Exercise details:
The answer should consist of the records below, repeated exactly, and no pictures.

Working data:
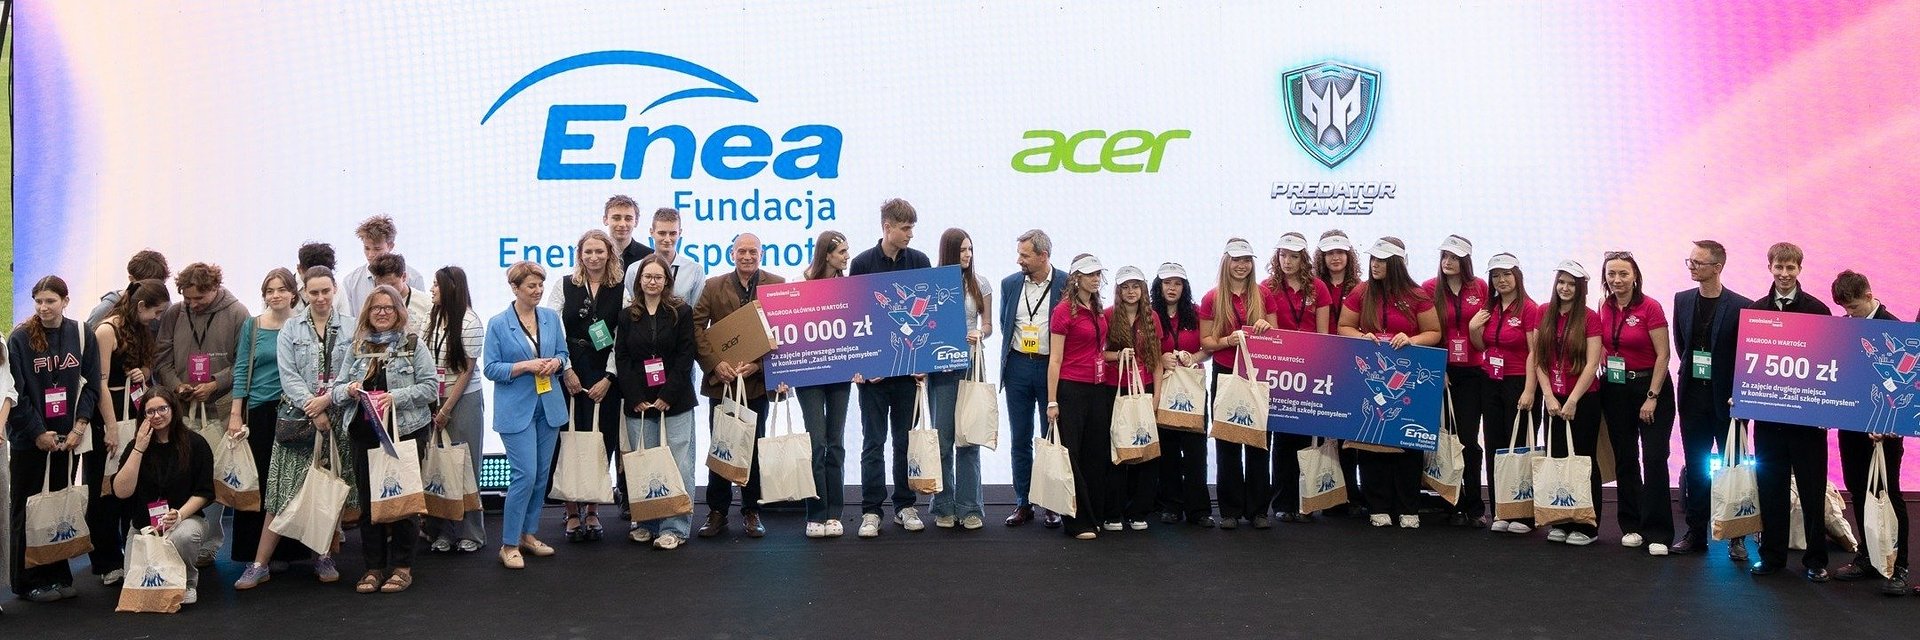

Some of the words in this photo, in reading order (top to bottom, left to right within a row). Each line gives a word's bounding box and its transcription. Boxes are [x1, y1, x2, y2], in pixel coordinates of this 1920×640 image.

[537, 104, 843, 180] Enea
[1010, 129, 1192, 173] acer
[1270, 181, 1397, 199] PREDATOR
[674, 188, 837, 230] Fundacja
[1289, 198, 1374, 216] GAMES
[767, 308, 792, 316] NAGRODA
[792, 306, 816, 314] GŁÓWNA
[821, 302, 849, 312] WARTOŚCI
[770, 323, 798, 345] 10
[804, 318, 847, 342] 000
[852, 314, 873, 337] zł
[722, 334, 740, 352] acer
[1778, 339, 1807, 348] WARTOŚCI
[778, 358, 808, 366] konkursie
[828, 354, 847, 362] szkołę
[780, 352, 800, 360] zajęcie
[802, 348, 836, 358] pierwszego
[836, 346, 859, 354] miejsca
[938, 350, 968, 360] Enea
[1278, 356, 1305, 364] WARTOŚCI
[34, 352, 80, 374] FILA
[1745, 353, 1759, 374] 7
[1764, 354, 1810, 380] 500
[1816, 360, 1838, 382] zł
[1266, 370, 1307, 392] 500
[1312, 374, 1334, 396] zł
[1750, 383, 1772, 391] zajęcie
[1773, 384, 1801, 394] drugiego
[1802, 388, 1827, 396] miejsca
[1272, 397, 1300, 406] trzeciego
[1300, 400, 1324, 408] miejsca
[1748, 390, 1778, 398] konkursie
[1800, 396, 1821, 404] szkołę
[52, 404, 60, 412] G
[1296, 407, 1317, 416] szkołę
[1405, 428, 1437, 440] Enea
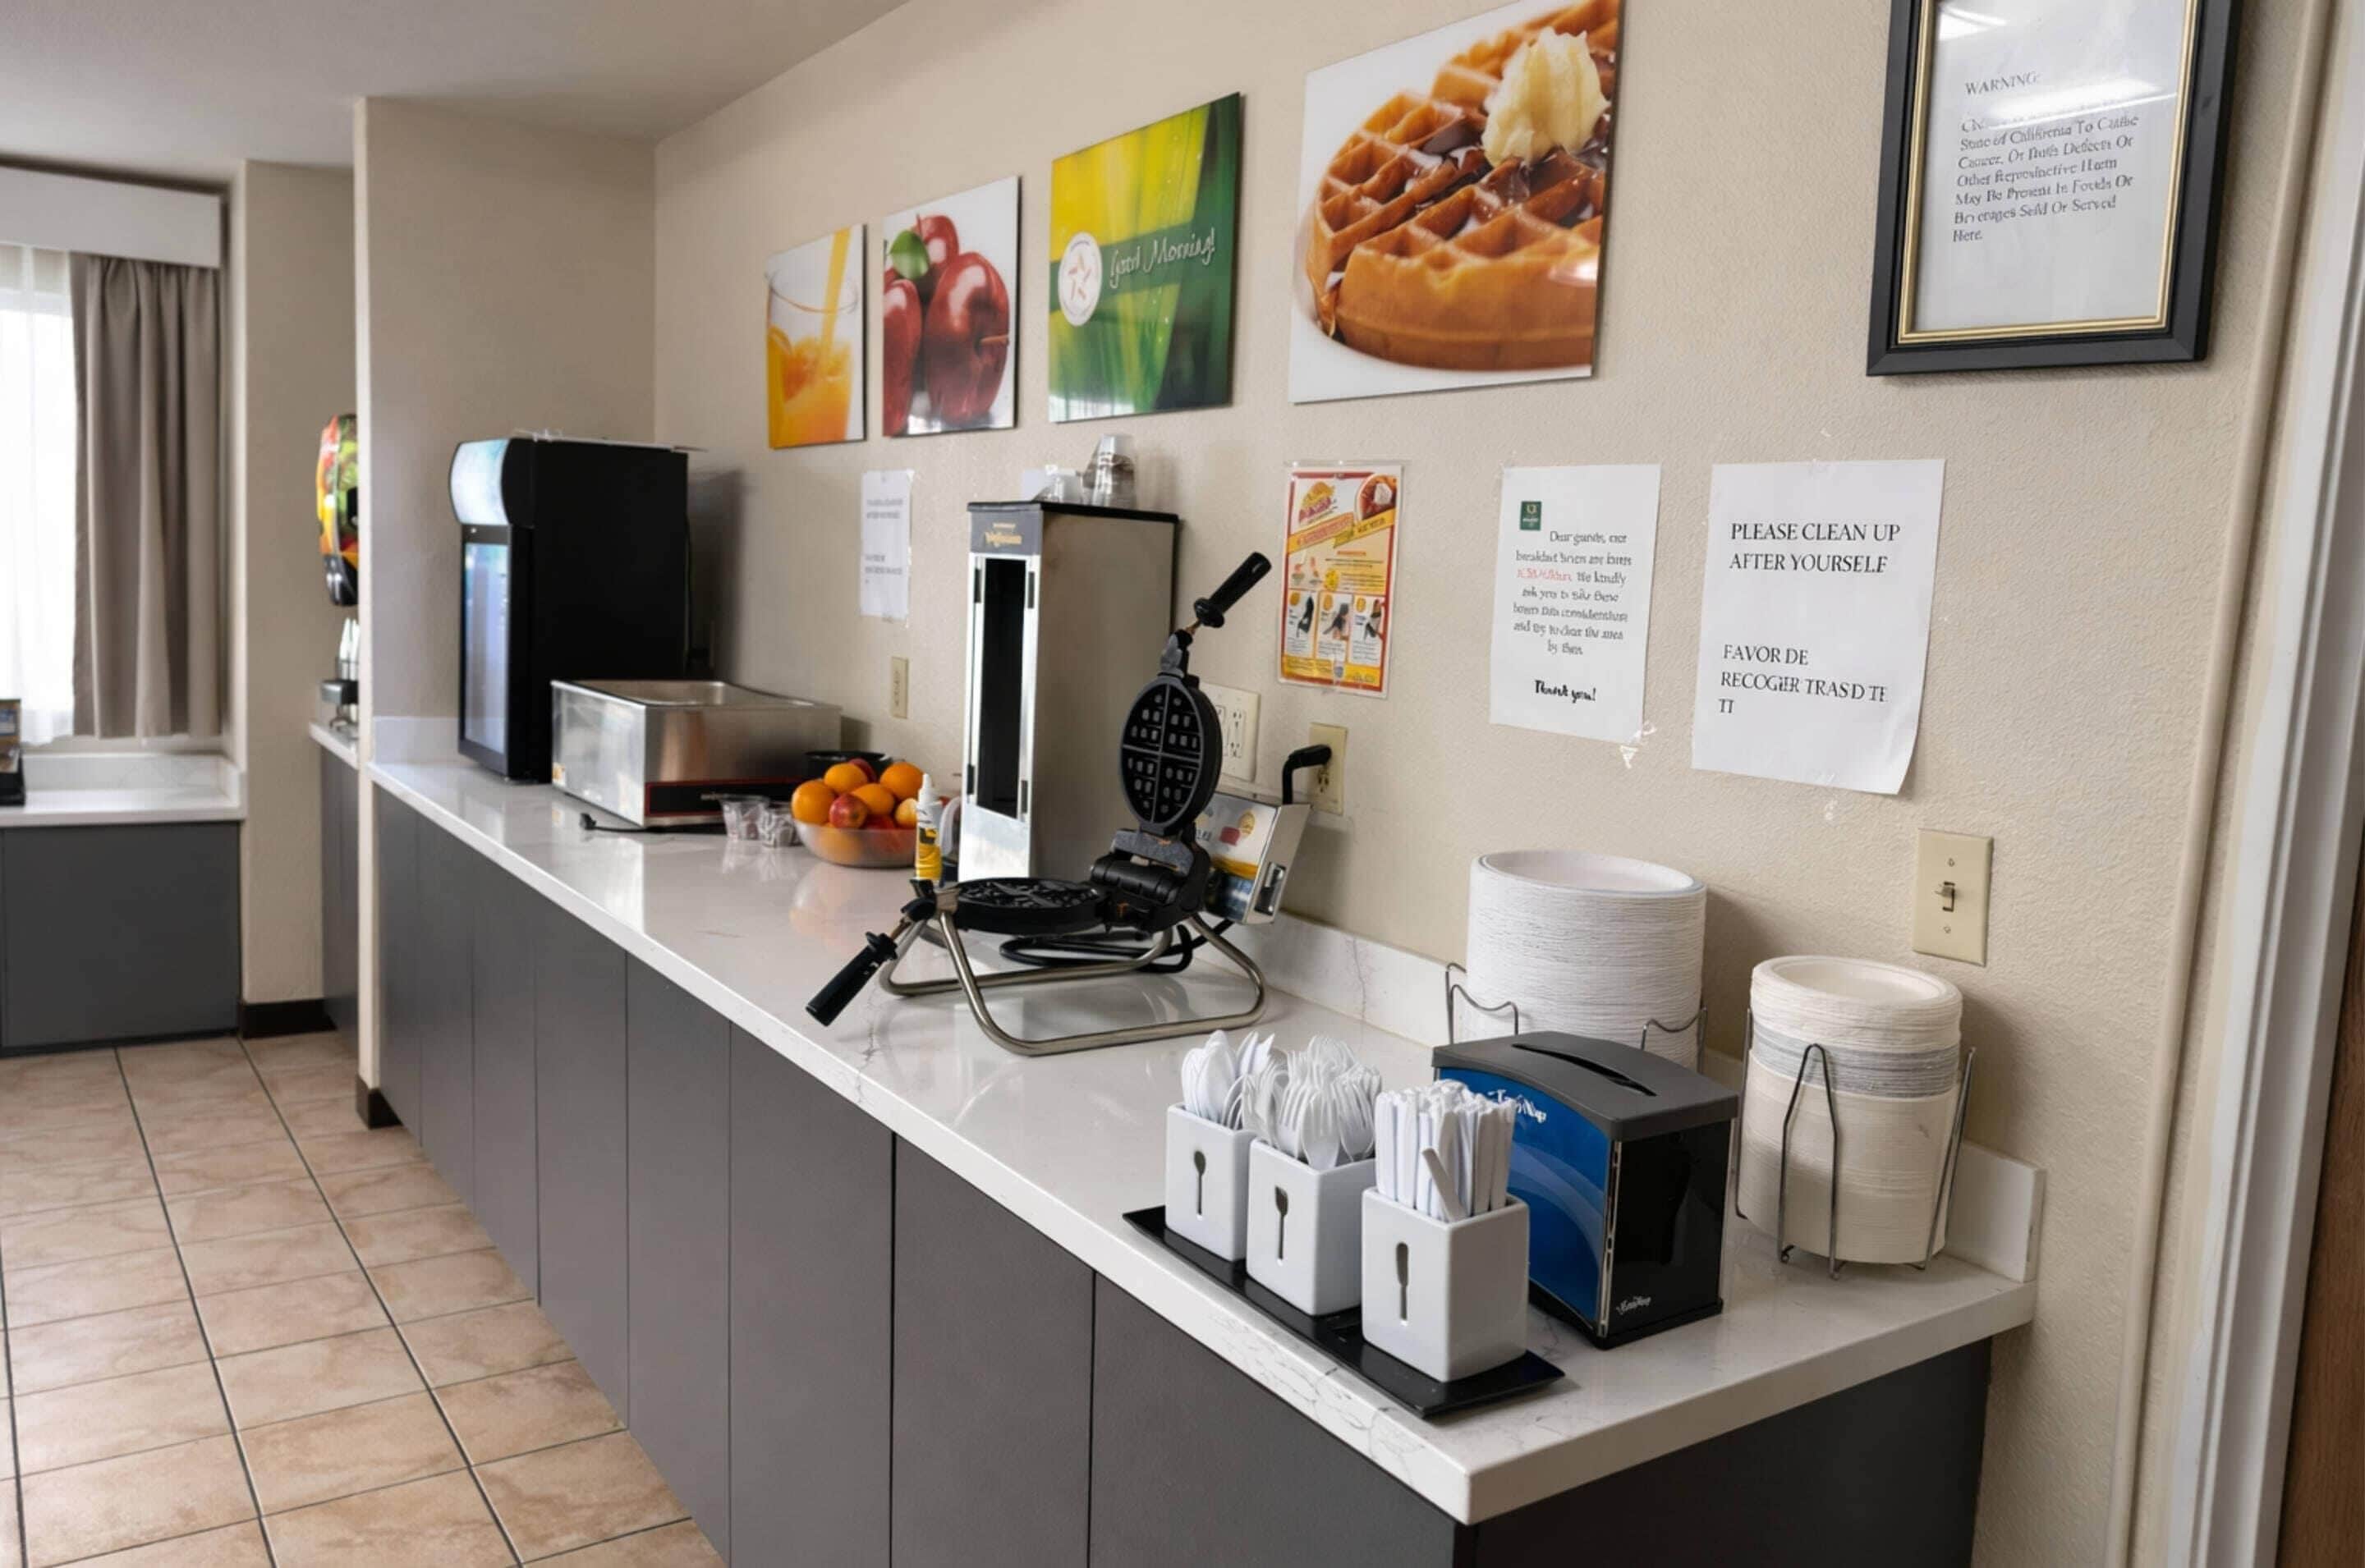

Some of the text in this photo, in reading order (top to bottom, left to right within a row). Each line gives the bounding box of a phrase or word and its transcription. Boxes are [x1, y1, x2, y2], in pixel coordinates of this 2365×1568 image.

[2077, 121, 2094, 134] To
[1730, 522, 1901, 542] PLEASE CLEAN UP
[1729, 552, 1889, 573] AFTER YOURSELF
[1724, 644, 1809, 666] FAVOR DE
[1535, 680, 1568, 697] Thank

Answer:
Some of the words in this photo, in reading order (top to bottom, left to right within a row). Each line gives a word's bounding box and its transcription. Boxes are [x1, y1, x2, y2], in pixel coordinates of this 1920×640 image.

[537, 104, 843, 180] Enea
[1010, 129, 1192, 173] acer
[1270, 181, 1397, 199] PREDATOR
[674, 188, 837, 230] Fundacja
[1289, 198, 1374, 216] GAMES
[767, 308, 792, 316] NAGRODA
[792, 306, 816, 314] GŁÓWNA
[821, 302, 849, 312] WARTOŚCI
[770, 323, 798, 345] 10
[804, 318, 847, 342] 000
[852, 314, 873, 337] zł
[722, 334, 740, 352] acer
[1778, 339, 1807, 348] WARTOŚCI
[778, 358, 808, 366] konkursie
[828, 354, 847, 362] szkołę
[780, 352, 800, 360] zajęcie
[802, 348, 836, 358] pierwszego
[836, 346, 859, 354] miejsca
[938, 350, 968, 360] Enea
[1278, 356, 1305, 364] WARTOŚCI
[34, 352, 80, 374] FILA
[1745, 353, 1759, 374] 7
[1764, 354, 1810, 380] 500
[1816, 360, 1838, 382] zł
[1266, 370, 1307, 392] 500
[1312, 374, 1334, 396] zł
[1750, 383, 1772, 391] zajęcie
[1773, 384, 1801, 394] drugiego
[1802, 388, 1827, 396] miejsca
[1272, 397, 1300, 406] trzeciego
[1300, 400, 1324, 408] miejsca
[1748, 390, 1778, 398] konkursie
[1800, 396, 1821, 404] szkołę
[52, 404, 60, 412] G
[1296, 407, 1317, 416] szkołę
[1405, 428, 1437, 440] Enea

Some of the text in this photo, in reading order (top to bottom, left to right within a row). Each line gives the bounding box of a phrase or word and its transcription. Boxes are [x1, y1, x2, y2], in pixel coordinates of this 2365×1568 image.

[2077, 121, 2094, 134] To
[1730, 522, 1901, 542] PLEASE CLEAN UP
[1729, 552, 1889, 573] AFTER YOURSELF
[1724, 644, 1809, 666] FAVOR DE
[1535, 680, 1568, 697] Thank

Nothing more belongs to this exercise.